The Night We Dropped a Clanger led to a three-picture deal with British Lion to make series of "The Night We" movies. The first was The Night We Got the Bird followed by The Night We Sprang a Leak and The Night We Had a Dream. Conyears said "“I know people will compare us with the ‘ Carry On’ series but that doesn't worry us. If we're half as successful as Peter Rogers we shall be very happy."

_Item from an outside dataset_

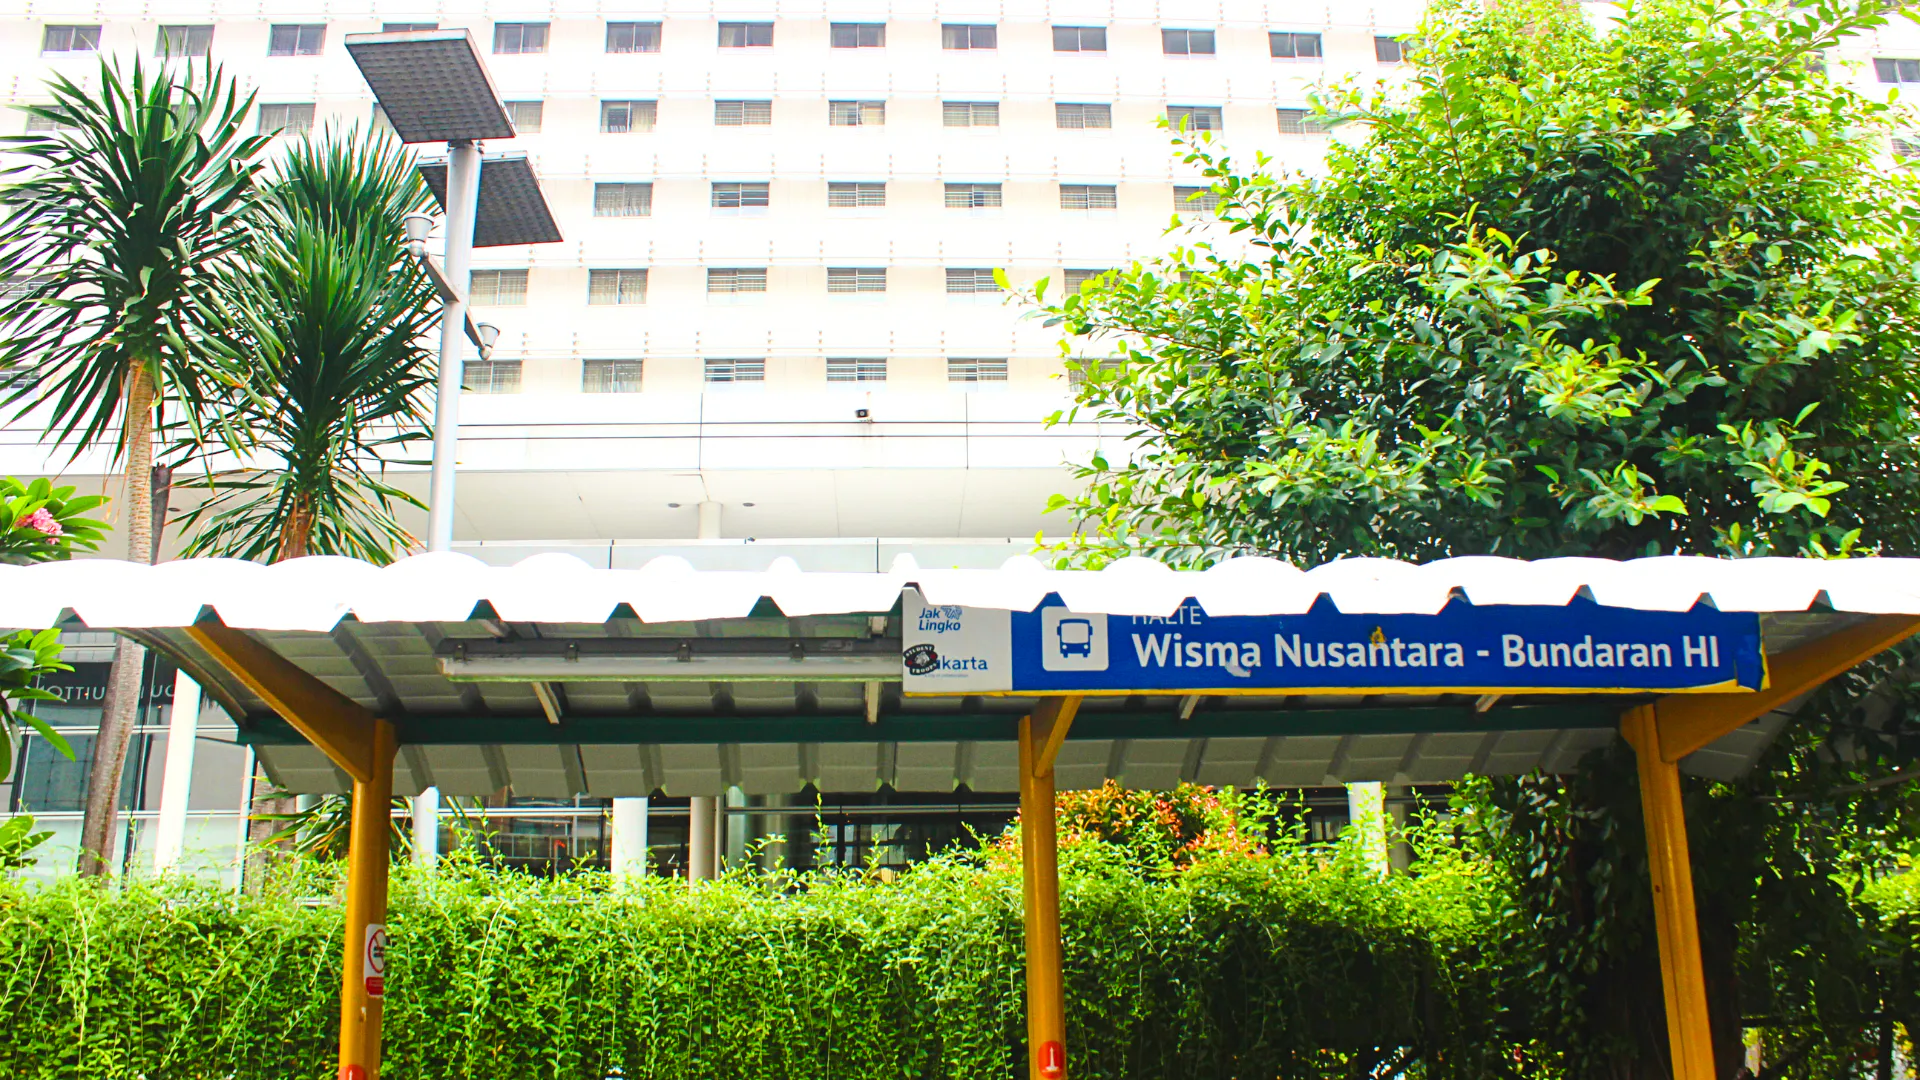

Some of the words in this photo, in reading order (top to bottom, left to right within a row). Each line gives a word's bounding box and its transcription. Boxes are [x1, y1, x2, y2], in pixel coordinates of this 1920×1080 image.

"I suppose it is unusual to be making follow-ups of pictures that haven't yet been tested by the public, but the distributors seem confident enough," said Conyers in August 1960. "In fact, they've given marvellous deal—and first-class working conditions. From starting day to completion we are never interfered with, no sudden script changes or someone breathing down your neck. We are left free to get on with it in the way we think best.”

==Critical reception==
The Monthly Film Bulletin wrote: "Really rather a lamentable example of British slapstick, studded with hoary gags about honeymoons, dominating mothers, discarded trousers and all manner of cloacal by-play. The brisk pace fails to make up for an appalling lack of discrimination, and only one good scene, with John Le Mesurier as a long-suffering Court Clerk and Kynaston Reeves as a deaf magistrate, manages to emerge above the general seaside-postcard level."

TV Guide wrote, "sophomoric British comedy ...The script finds lots of excuses for people to lose their pants and make vulgar, inane sexual jokes that wouldn't amuse a 10-year-old."

Allmovie wrote, "several hilarious slapstick scenes involving chases or sexual encounters, as well as the more reserved wit found in caricatures like an inept magistrate, are all hallmarks of a typically British sense of humor here (shared by many non-Brits)."

Sky movies wrote, "a fast and furious farce ...With humour that's a notch below the contemporary 'Carry On' films. Never mind, there are some priceless cameo performances from the supporting cast, including Robertson Hare as a dithering doctor, John le Mesurier as a long-suffering court clerk, Kynaston Reeves, hilarious as a deaf magistrate, and Terry Scott as a constable."